(Items listed in a dataset)
****

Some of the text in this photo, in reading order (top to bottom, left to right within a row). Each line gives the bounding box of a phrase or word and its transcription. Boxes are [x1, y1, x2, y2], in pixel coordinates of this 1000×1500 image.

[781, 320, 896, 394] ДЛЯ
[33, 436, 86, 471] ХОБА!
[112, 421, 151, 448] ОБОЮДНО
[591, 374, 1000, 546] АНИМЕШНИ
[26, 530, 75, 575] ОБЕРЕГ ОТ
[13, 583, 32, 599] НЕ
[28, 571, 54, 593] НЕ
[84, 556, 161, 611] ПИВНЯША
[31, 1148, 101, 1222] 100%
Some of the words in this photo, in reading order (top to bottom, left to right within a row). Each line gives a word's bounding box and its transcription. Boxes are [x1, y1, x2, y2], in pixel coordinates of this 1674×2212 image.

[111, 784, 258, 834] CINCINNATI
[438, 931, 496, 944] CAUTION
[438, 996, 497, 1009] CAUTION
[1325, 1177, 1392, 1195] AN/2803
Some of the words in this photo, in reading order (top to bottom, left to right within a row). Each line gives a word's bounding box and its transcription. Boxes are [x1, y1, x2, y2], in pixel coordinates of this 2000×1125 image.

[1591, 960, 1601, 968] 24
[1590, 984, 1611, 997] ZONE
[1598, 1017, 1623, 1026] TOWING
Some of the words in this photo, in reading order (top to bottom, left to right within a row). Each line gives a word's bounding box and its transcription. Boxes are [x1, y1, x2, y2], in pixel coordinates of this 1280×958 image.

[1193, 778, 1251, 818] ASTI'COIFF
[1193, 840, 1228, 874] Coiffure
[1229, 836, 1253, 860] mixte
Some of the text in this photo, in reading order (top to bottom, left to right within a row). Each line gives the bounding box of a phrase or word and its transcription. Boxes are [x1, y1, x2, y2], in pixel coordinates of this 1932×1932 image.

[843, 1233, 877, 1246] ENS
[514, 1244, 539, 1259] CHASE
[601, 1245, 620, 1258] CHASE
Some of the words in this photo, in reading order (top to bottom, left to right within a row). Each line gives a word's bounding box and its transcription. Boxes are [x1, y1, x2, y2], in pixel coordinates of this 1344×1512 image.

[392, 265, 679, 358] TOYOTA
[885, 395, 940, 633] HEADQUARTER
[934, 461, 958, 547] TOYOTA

****

Description of the task.
Retype each record. Keep every character as it is.

Written response.
Some of the text in this photo, in reading order (top to bottom, left to right within a row). Each line gives the bounding box of a phrase or word and its transcription. Boxes are [x1, y1, x2, y2], in pixel coordinates of this 1000×1500 image.

[781, 320, 896, 394] ДЛЯ
[33, 436, 86, 471] ХОБА!
[112, 421, 151, 448] ОБОЮДНО
[591, 374, 1000, 546] АНИМЕШНИ
[26, 530, 75, 575] ОБЕРЕГ ОТ
[13, 583, 32, 599] НЕ
[28, 571, 54, 593] НЕ
[84, 556, 161, 611] ПИВНЯША
[31, 1148, 101, 1222] 100%
Some of the words in this photo, in reading order (top to bottom, left to right within a row). Each line gives a word's bounding box and its transcription. Boxes are [x1, y1, x2, y2], in pixel coordinates of this 1674×2212 image.

[111, 784, 258, 834] CINCINNATI
[438, 931, 496, 944] CAUTION
[438, 996, 497, 1009] CAUTION
[1325, 1177, 1392, 1195] AN/2803
Some of the words in this photo, in reading order (top to bottom, left to right within a row). Each line gives a word's bounding box and its transcription. Boxes are [x1, y1, x2, y2], in pixel coordinates of this 2000×1125 image.

[1591, 960, 1601, 968] 24
[1590, 984, 1611, 997] ZONE
[1598, 1017, 1623, 1026] TOWING
Some of the words in this photo, in reading order (top to bottom, left to right within a row). Each line gives a word's bounding box and its transcription. Boxes are [x1, y1, x2, y2], in pixel coordinates of this 1280×958 image.

[1193, 778, 1251, 818] ASTI'COIFF
[1193, 840, 1228, 874] Coiffure
[1229, 836, 1253, 860] mixte
Some of the text in this photo, in reading order (top to bottom, left to right within a row). Each line gives the bounding box of a phrase or word and its transcription. Boxes are [x1, y1, x2, y2], in pixel coordinates of this 1932×1932 image.

[843, 1233, 877, 1246] ENS
[514, 1244, 539, 1259] CHASE
[601, 1245, 620, 1258] CHASE
Some of the words in this photo, in reading order (top to bottom, left to right within a row). Each line gives a word's bounding box and its transcription. Boxes are [x1, y1, x2, y2], in pixel coordinates of this 1344×1512 image.

[392, 265, 679, 358] TOYOTA
[885, 395, 940, 633] HEADQUARTER
[934, 461, 958, 547] TOYOTA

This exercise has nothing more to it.